Dataset extract:
● ● ● ●

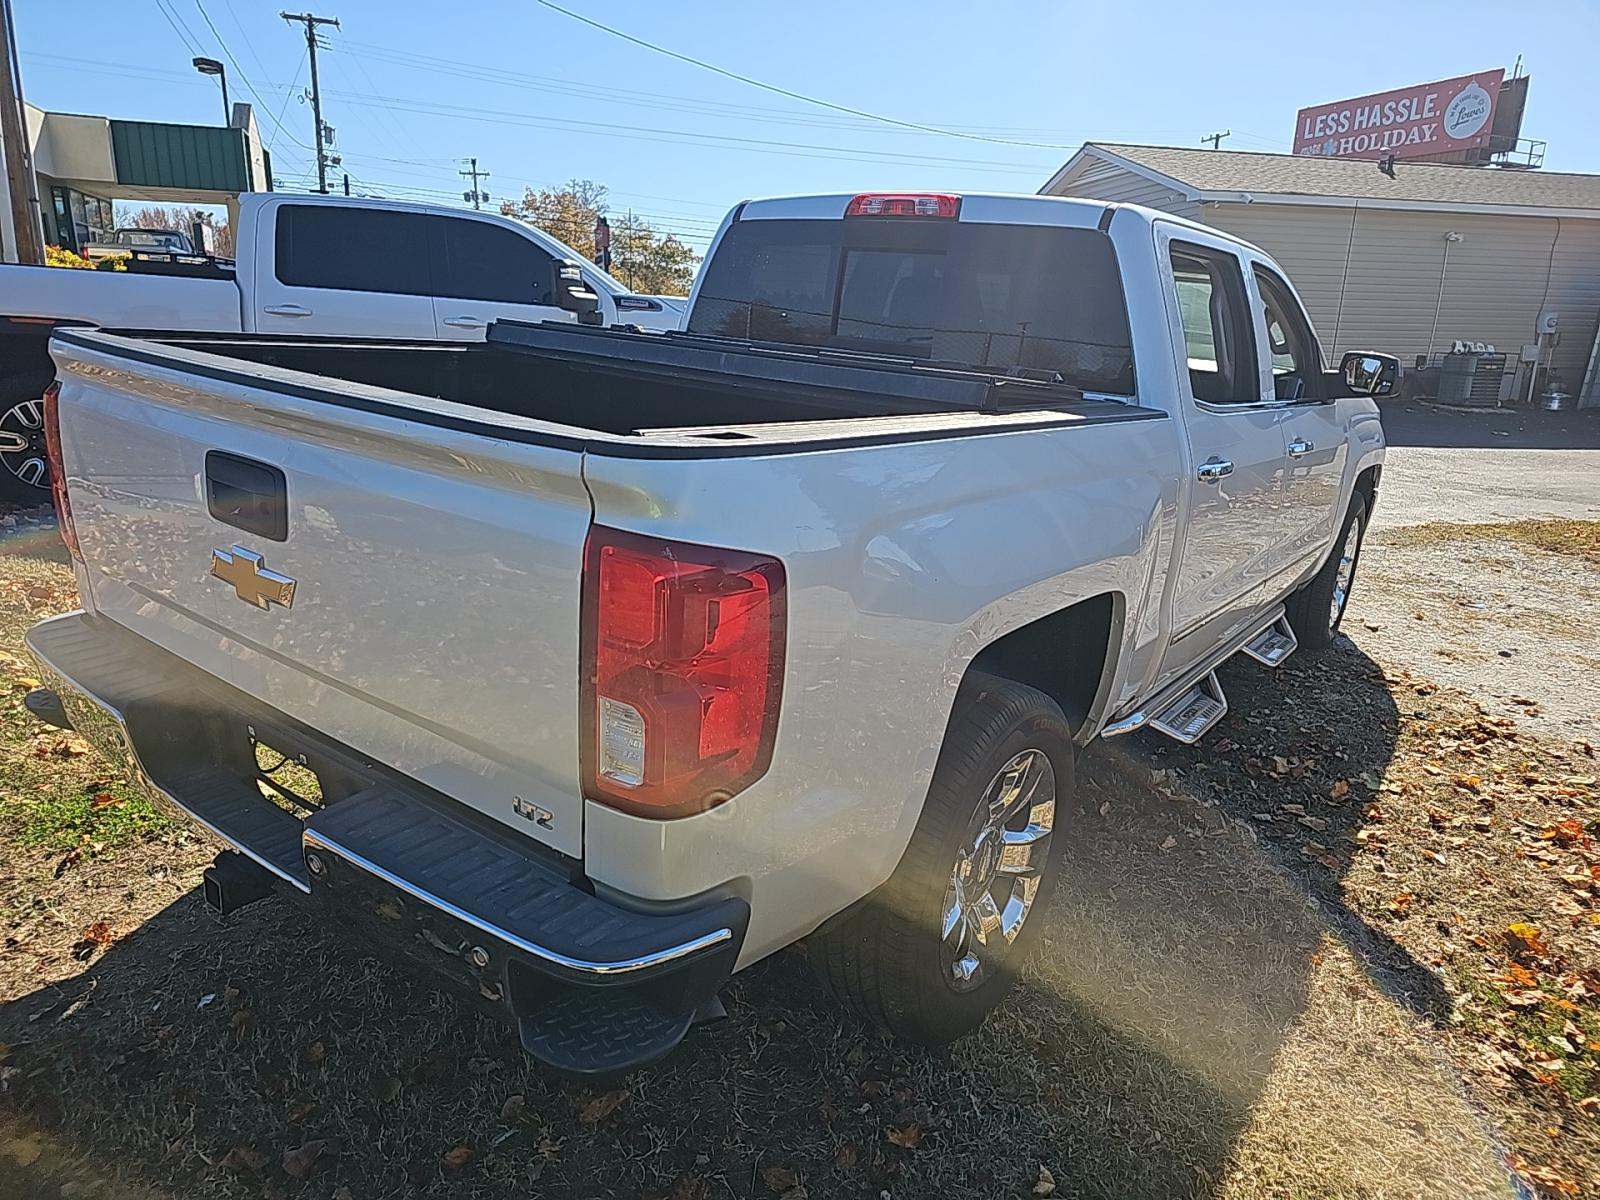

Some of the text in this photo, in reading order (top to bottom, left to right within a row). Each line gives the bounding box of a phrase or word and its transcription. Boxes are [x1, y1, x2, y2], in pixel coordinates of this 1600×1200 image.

[1303, 110, 1351, 140] LESS
[1354, 94, 1440, 131] HASSLE.
[1339, 124, 1438, 155] HOLIDAY.
[512, 795, 554, 830] LTZ

● ● ● ●

What to work on: What is needed is an exact transcription of every entry, minus the pictures.

Solved problem:
Some of the text in this photo, in reading order (top to bottom, left to right within a row). Each line gives the bounding box of a phrase or word and its transcription. Boxes are [x1, y1, x2, y2], in pixel coordinates of this 1600×1200 image.

[1303, 110, 1351, 140] LESS
[1354, 94, 1440, 131] HASSLE.
[1339, 124, 1438, 155] HOLIDAY.
[512, 795, 554, 830] LTZ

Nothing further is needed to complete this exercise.